Inslee sees clean energy revolution
October 8, 2008 · Updated 3:56 PM
Tired of archaic policies and the government’s inability to change them, U.S. Rep. Jay Inslee decided years ago that it is time for a clean energy revolution.
Current policies were made by the oil and gas industry, for the oil and gas industry to encourage the use of oil and gas, he told a room of nearly 50 during a visit he made to Kirkland last week at Parkplace Books to discuss the book, “Apollo’s Fire,” which he co-authored with Bracken Hendricks, a senior fellow with the Center for American Progress and former executive director of the Apollo Alliance.
For a century, those policies made sense, he said. But those days have passed.
To spur the clean energy revolution and encourage entrepreneurs to develop new technologies, Congress needs to develop new policies, said Inslee, D-Wash., whose congressional district includes Kirkland.
Inslee says he has worked at the federal level for nearly 20 years to protect the state’s environment and address the problem of global warming. He also has used his seat on the House Energy and Commerce Committee to promote his vision for a clean energy future, the New Apollo Energy Act and to advance other legislation that would reduce greenhouse-gas emissions.
Congress has been unable to change policy for two reasons, he said.
“Reason number one - George, and reason number two - Bush,” he said, adding that under the president’s leadership the nation has been in a non-action mode on energy.
Inslee wrote the book to chronicle stories of Americans who already are creating technologies and building companies towards energy independence. The title “Apollo’s Fire,” is analogous to the way President John F. Kennedy in the 1960s ignited America’s Apollo Project and sparked a revolution in space exploration.

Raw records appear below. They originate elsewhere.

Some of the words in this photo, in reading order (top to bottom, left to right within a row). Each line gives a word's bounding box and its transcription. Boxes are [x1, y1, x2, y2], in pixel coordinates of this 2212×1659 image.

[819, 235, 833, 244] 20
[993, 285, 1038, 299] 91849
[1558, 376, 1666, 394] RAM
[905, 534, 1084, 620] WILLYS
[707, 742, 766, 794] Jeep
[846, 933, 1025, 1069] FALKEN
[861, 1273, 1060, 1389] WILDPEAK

Inslee’s Apollo Energy Project also is poised to create a revolution with the production of energy that could save the planet.
He has predicted in the coming few years America will create a whole new energy basis for its economy that is non-carbon based and could stop global warming, in addition to creating a new million-plus job growth in the economy.

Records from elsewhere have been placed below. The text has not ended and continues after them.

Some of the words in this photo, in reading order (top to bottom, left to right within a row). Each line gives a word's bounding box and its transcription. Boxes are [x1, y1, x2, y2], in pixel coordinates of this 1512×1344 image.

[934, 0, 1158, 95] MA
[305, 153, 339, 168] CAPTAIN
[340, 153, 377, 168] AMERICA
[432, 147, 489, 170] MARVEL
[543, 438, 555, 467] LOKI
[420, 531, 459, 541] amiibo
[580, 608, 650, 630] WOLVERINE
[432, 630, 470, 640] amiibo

“That’s a prediction we made and I’m happy to tell you that it’s coming true,” he said.
On the Eastside, companies such as the Bellevue-based MagnaDrive Company are creating new clean energy technologies.

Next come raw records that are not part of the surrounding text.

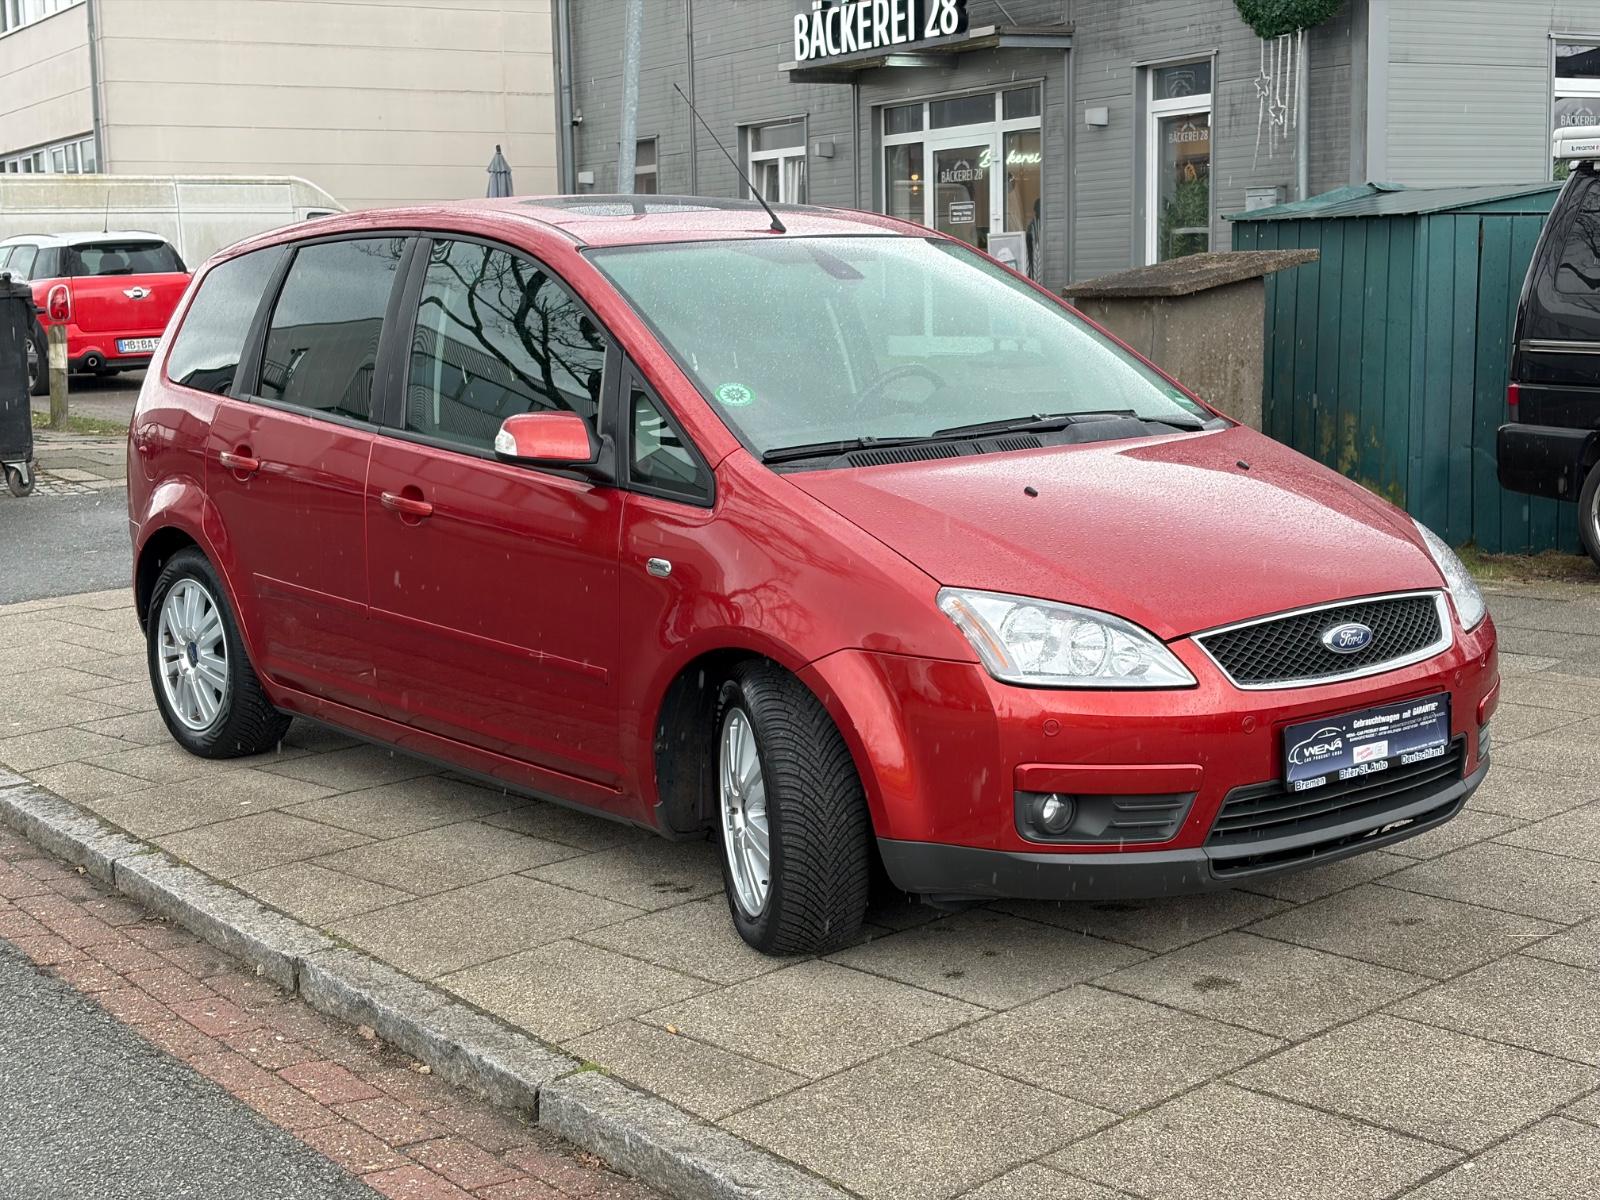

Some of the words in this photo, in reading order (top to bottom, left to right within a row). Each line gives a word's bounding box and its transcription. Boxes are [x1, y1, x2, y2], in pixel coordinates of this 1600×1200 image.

[794, 0, 915, 61] BÄCKEREI
[924, 0, 960, 38] 28
[1168, 130, 1199, 144] BÄCKEREI
[1200, 129, 1209, 141] 28
[941, 169, 974, 183] BÄCKEREI
[974, 168, 983, 180] 28
[124, 340, 136, 350] HB
[141, 339, 153, 349] BA
[1339, 629, 1364, 647] Ford
[1353, 713, 1400, 729] Gebrauchtwagen
[1295, 776, 1326, 791] Bremen
[1401, 745, 1445, 765] Deutschland

MagnaDrive started in the garage with someone tinkering with some high-powered magnets. The company’s “green” disconnect torque-transfer technology has created a transmission system that uses two magnets that cause the motor to rotate.
The process eliminates harmful wear and tear from vibration, increases motor life and, most importantly, enhances energy efficiency by 70 percent, Inslee said.
“From that garage based idea is a manufacturing plant in Bellevue now doing $9 nine million in business and just sold some huge transmission systems to Chinese-based manufacturers,” Inslee said.
He also highlighted other local companies that are creating new technologies, including Seattle-based Ultra Rock, one of the most advanced engineered geothermal firms in the country that Google recently invested in. The company, which is currently testing its commercial productivity in Switzerland, has developed a technology that creates steam-based electricity using a pump.
Kirkland resident Brian Tucker noted that the United States is very dependent for oil and gas on other countries that may not have the country’s best interest at heart.
“As we progress with your vision and they see us getting to the point where we don’t need them anymore, I sense an opportunity that at some point they’re going to say, ‘well, they’re not far enough now, let’s see if we can squeeze them now and see if we can turn them around,’” Tucker said.
There are two ways that other countries could do that, including reducing the incentive for new technologies and cutting America off from oil and gas altogether, Inslee noted.
Both would be injurious, he said. However, he is less worried about those consequences than just the power of inertia here caused by fear and the status quo.
Kirkland Deputy Mayor Joan McBride commented that many suburban cities are a push away from the kind of land-use actions that would help them with sustainability through the Growth Management Act.
“If we build communities that have density with mixed-use and good public transportation - that is energy efficient and that’s something that municipalities can do,” she added.
Hunter Elenbaas, of Kirkland, asked Inslee how his vision can inspire people in a way that could drive policy change the same way Apollo did in the 1960s.
“You really need presidential leadership and I think Barrack Obama is committed to do that,” Inslee said. “If we get that, I’m confident Congress will be forced to confront this.”